- _Task instructions_: From the first line to the last, repeat the data exactly but leave out the pictures.

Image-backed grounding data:
=== Section Start ===

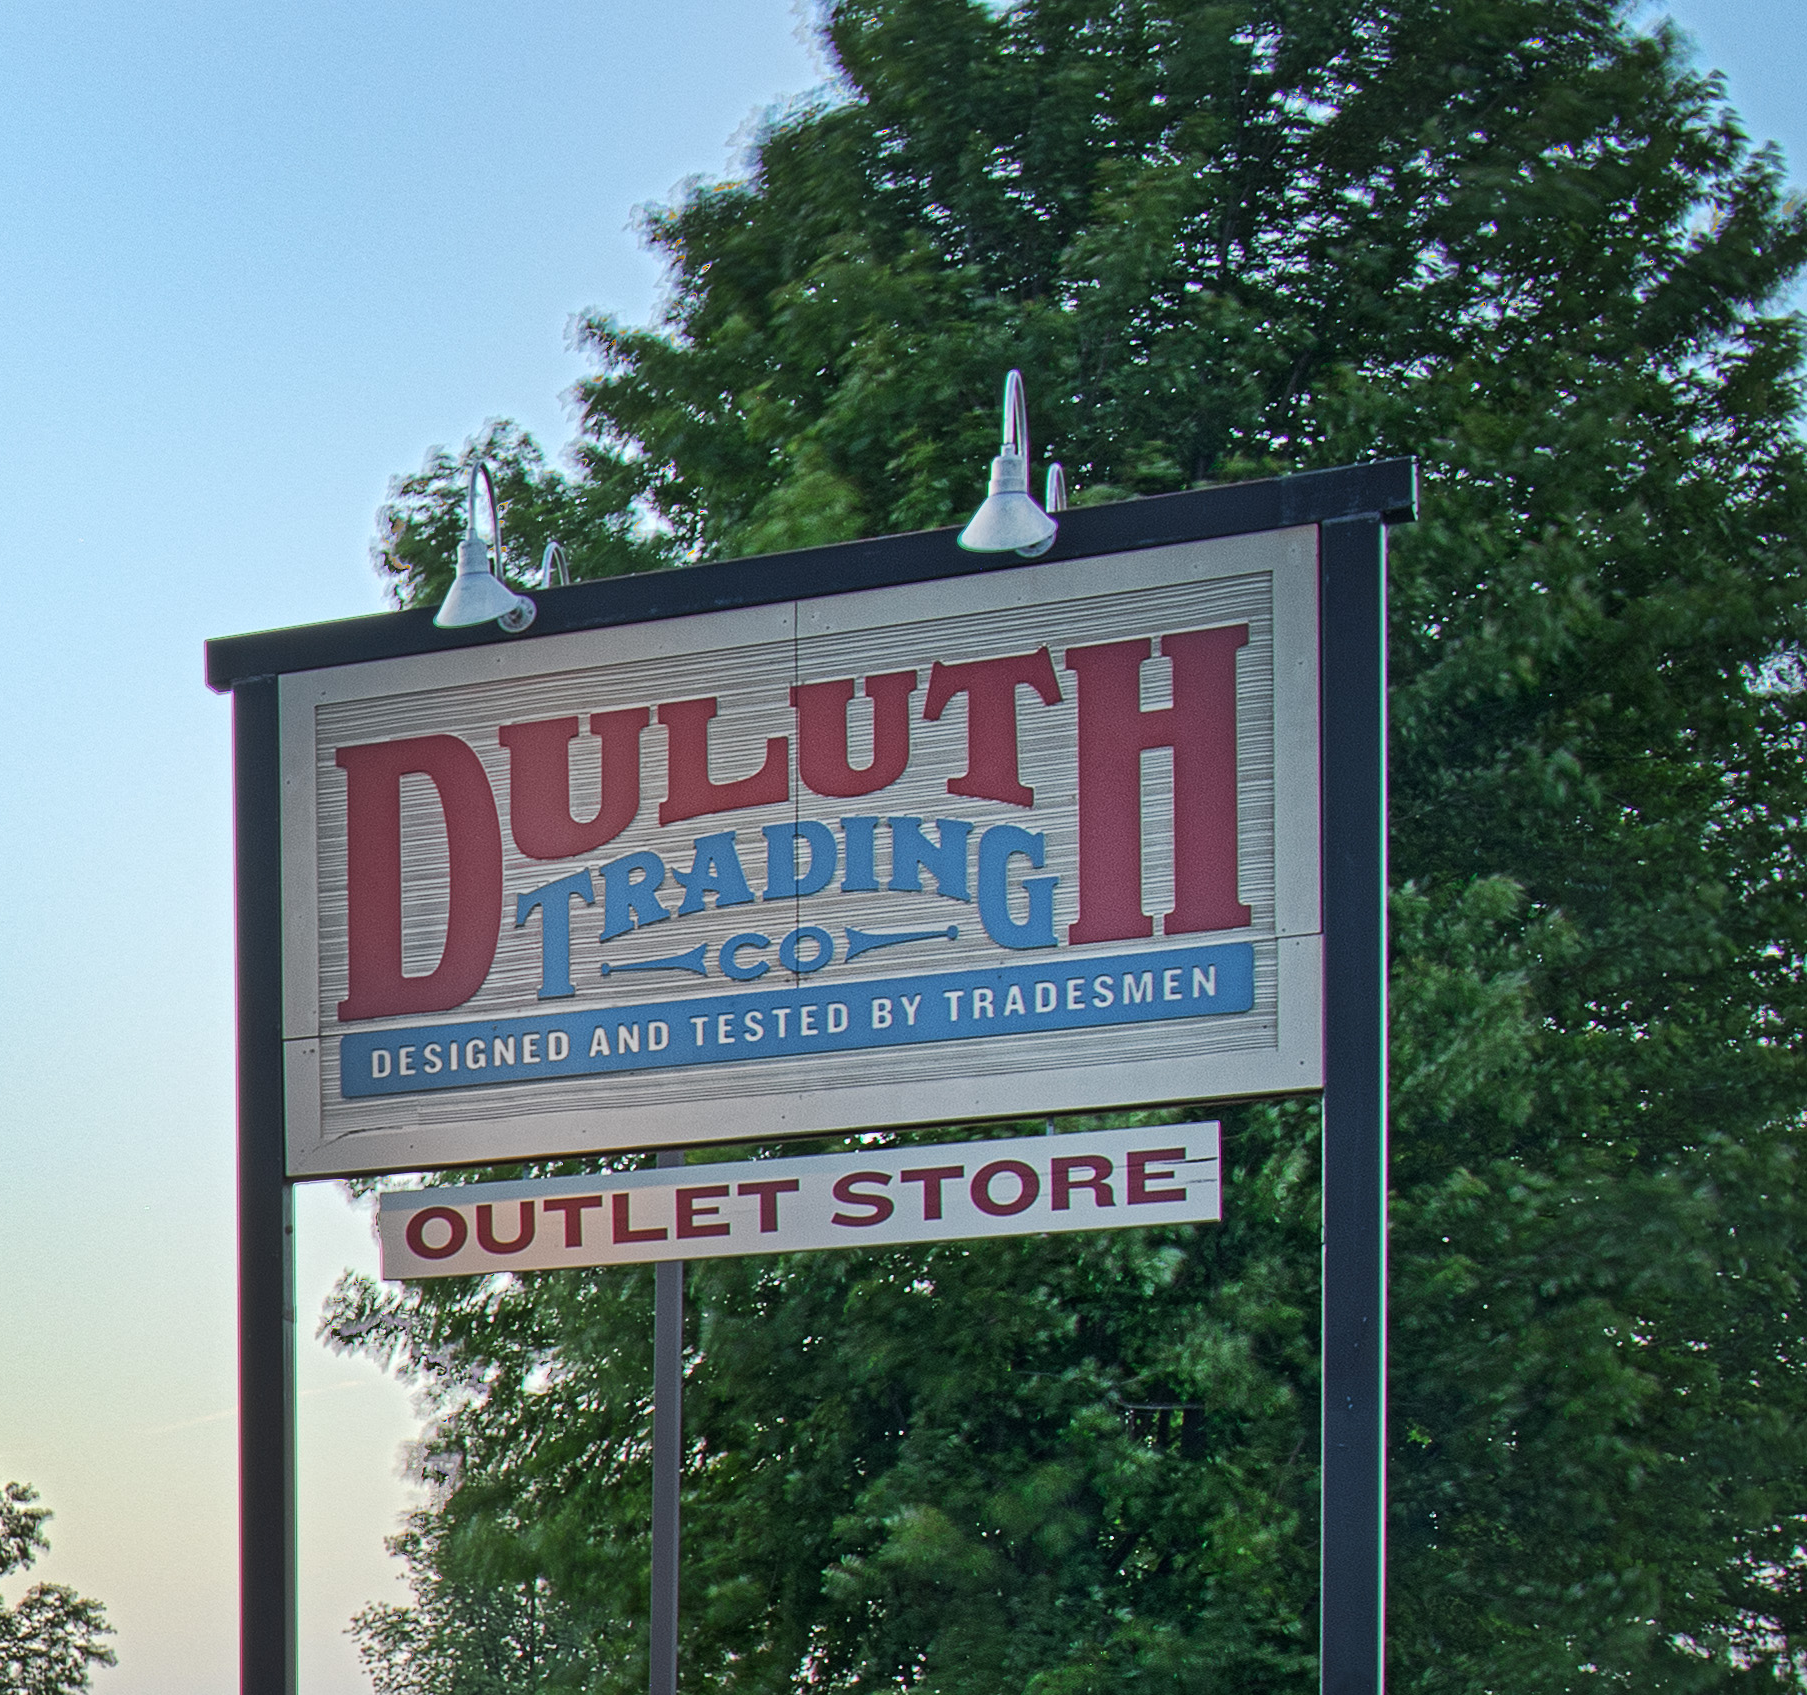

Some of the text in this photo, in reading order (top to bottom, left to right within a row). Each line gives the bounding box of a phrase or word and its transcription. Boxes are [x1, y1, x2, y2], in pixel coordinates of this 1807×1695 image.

[335, 623, 1252, 1021] DULUTH
[517, 815, 1059, 999] TRADING
[718, 924, 836, 980] CO
[371, 966, 1217, 1079] DESIGNED AND TESTED BY TRADESMEN
[405, 1149, 1188, 1260] OUTLET STORE

=== Section End ===

- _Written answer_:
Some of the text in this photo, in reading order (top to bottom, left to right within a row). Each line gives the bounding box of a phrase or word and its transcription. Boxes are [x1, y1, x2, y2], in pixel coordinates of this 1807×1695 image.

[335, 623, 1252, 1021] DULUTH
[517, 815, 1059, 999] TRADING
[718, 924, 836, 980] CO
[371, 966, 1217, 1079] DESIGNED AND TESTED BY TRADESMEN
[405, 1149, 1188, 1260] OUTLET STORE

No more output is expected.